Michael Bollmer was a two-way player, a power hitter and a shutdown pitcher, with a promising college baseball future when he committed in 2013 to play at the University of Louisville. Dreams of greatness were reasonable for someone blessed with his talent.
Fate would intervene, however, with a series of injuries forcing Bollmer to the sidelines. Today, the UofL senior is finally healthy, pulling for his team, hoping his name will be called. He will be ready if and when Coach Dan McDonnell beckons.
Bollmer was catching the eyes of pro scouts at Lexington Bryan Station when he was recruited by McDonnell. The 6-foot-3, 215-pounder batted .424 and posted a 4-2 won-lost record, with a 2.15 earned run average his senior season.
“When UofL was recruiting Michael, they were recruiting him as a pitcher and a first baseman,” recalls his father Bob Bollmer. “He was one of the top pitchers in Lexington coming out of high school. He was the Fayette County Player of the Year and he was first team All-State during his junior and senior years. We were really looking forward to watching him at Louisville.”
Two weeks before the beginning of the 2013 season, Michael would tear his UCL in his pitching arm. The injury would require Tommy John surgery, forcing him to miss his entire freshman year. After recovering from the arm surgery, he would hurt his back lifting weights, herniating a disc, requiring him to have two back surgeries the same year.
“Michael tried to come back in 2014 but he really wasn’t ready,” said Bob. “I think he batted once that season. He really couldn’t work out much with the team because of his back.”
He played in nine games during in 2015 and, after injuring an ankle, appeared in only three games during his redshirt junior season in 2016. “That was another major setback,” said his dad. “He had been playing well in the fall.”
One month before the beginning of this season, Michael’s best friend (Cameron Hart) in high school, also a baseball player, was killed in an automobile accident in Lexington. Michael was a speaker at the funeral. “I dedicated this season to him, and he’s my ‘why’ for this season,” said the UofL reserve.
Michael has played in 14 games this season, with five hits in 17 at bats, including a three-run home run against Morehead State.
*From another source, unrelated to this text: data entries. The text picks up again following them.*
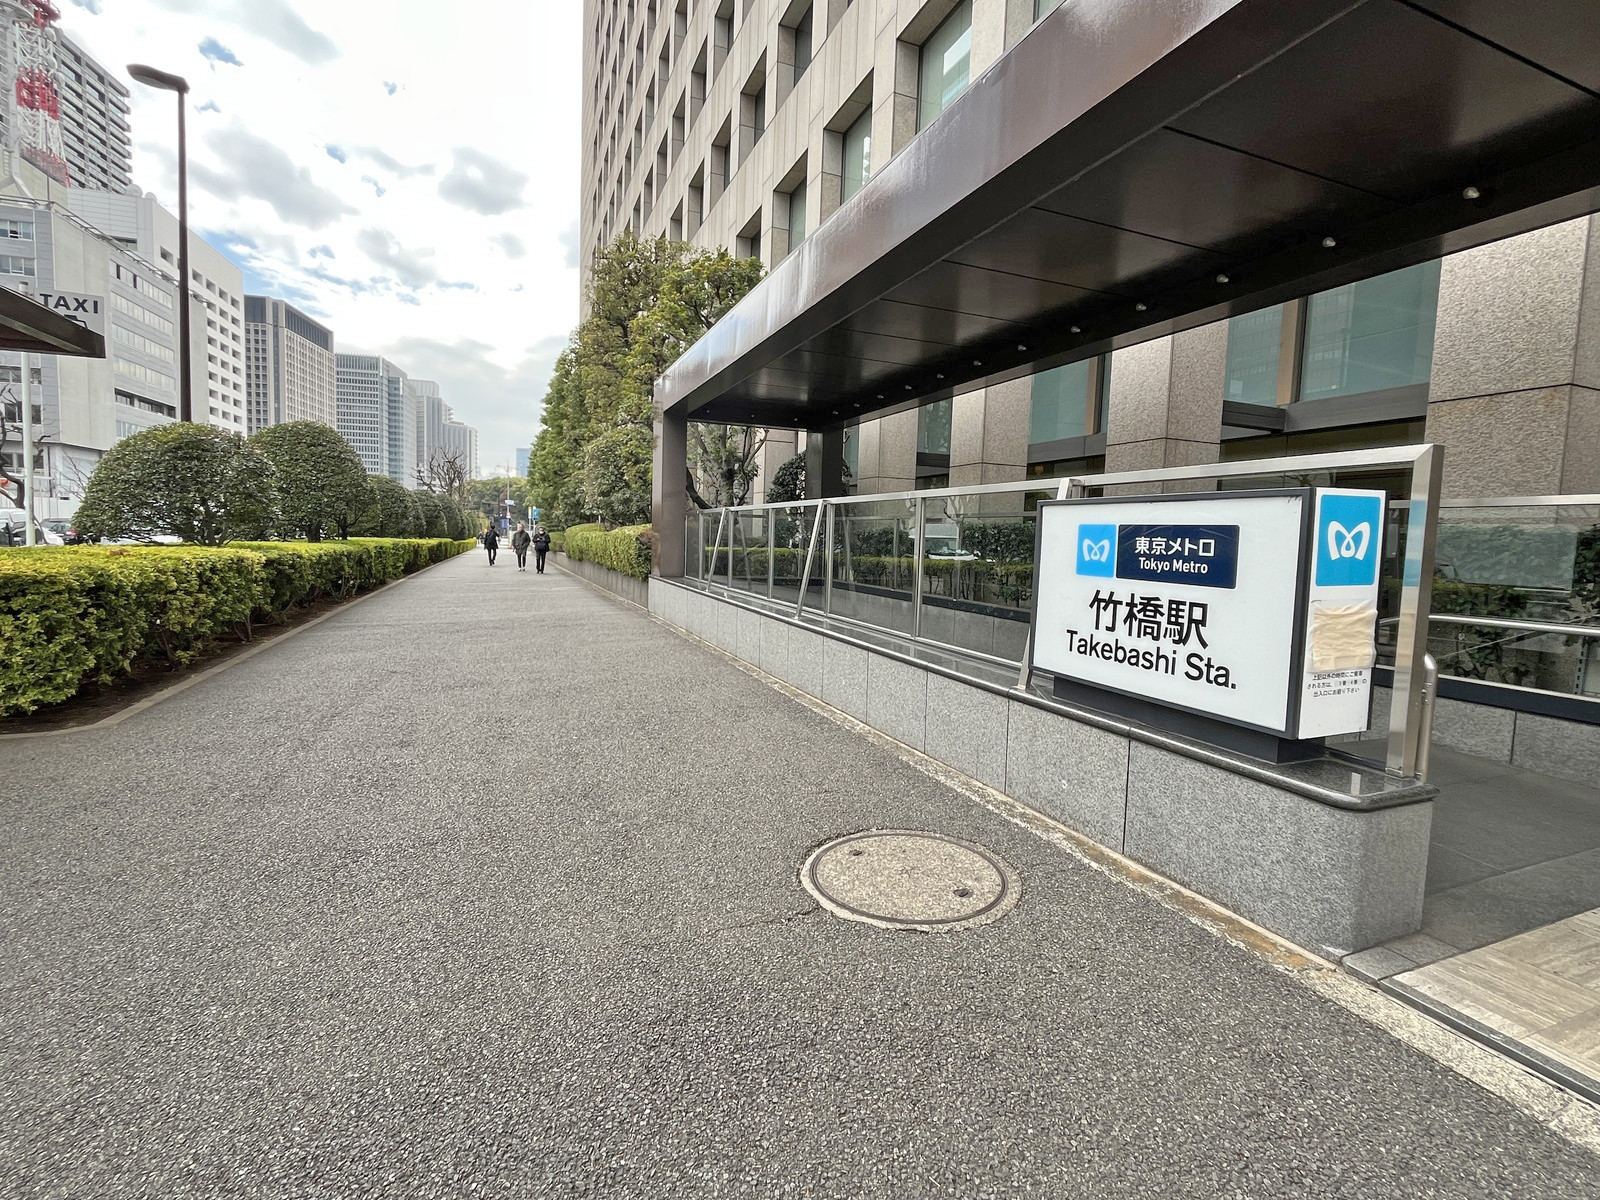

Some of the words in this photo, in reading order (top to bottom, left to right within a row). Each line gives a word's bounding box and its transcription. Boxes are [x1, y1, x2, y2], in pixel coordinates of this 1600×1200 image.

[39, 293, 99, 314] TAXI
[1134, 536, 1215, 557] 東京メトロ
[1139, 557, 1170, 573] Tokyo
[1173, 558, 1208, 574] Metro
[1089, 589, 1209, 650] 竹橋駅
[1066, 629, 1177, 675] Takebashi
[1184, 652, 1237, 690] Sta.
He was actually going to get to start a game on Senior Night against Florida State but, as fate would have it, the game was rained out and cancelled.
“It has been one thing after another, but Michael has never questioned whether he went to the right school,” said his dad. “He loves his team and he loves the school.”
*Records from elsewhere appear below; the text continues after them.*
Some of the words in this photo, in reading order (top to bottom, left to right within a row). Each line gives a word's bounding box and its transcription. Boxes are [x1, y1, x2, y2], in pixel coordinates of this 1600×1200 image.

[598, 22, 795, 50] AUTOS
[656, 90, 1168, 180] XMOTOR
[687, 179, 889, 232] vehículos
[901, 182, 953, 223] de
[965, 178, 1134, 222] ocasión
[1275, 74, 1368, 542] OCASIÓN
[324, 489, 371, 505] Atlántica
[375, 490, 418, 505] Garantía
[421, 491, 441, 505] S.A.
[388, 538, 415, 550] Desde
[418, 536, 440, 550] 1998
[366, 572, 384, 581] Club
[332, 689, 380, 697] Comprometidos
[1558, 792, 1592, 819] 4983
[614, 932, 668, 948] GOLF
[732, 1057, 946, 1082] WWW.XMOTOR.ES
Michael, who’s brother Bob, Jr. is also attending UofL, received a Bachelor’s degree in sports administration and is currently pursuing a Master’s degree in special education. He learned Spanish in early grade school and believes it will enable him to help more people. He intends to work with special education students and possibly become an athletic director.
Michael says he has no remorse about missing out on a professional baseball career. “Pro baseball was very much on my mind, but I think everything has worked out the way God wanted them,” he said.
He remains enthusiastic despite all the setbacks and confident that he can still contribute during his final weeks with the UofL baseball program. “That’s just how I was brought up, to finish what I started,” said Michael. “I have become brothers with my teammates and I want to do anything I can to help them get better.”
Despite his lack of playing time, Michael will be ready if McDonnell needs him during the post season tournaments. “I’m always ready, locked into the game, ready to going in and make a difference, no matter what,” he said. “I have all the confidence in the world. I will be ready.”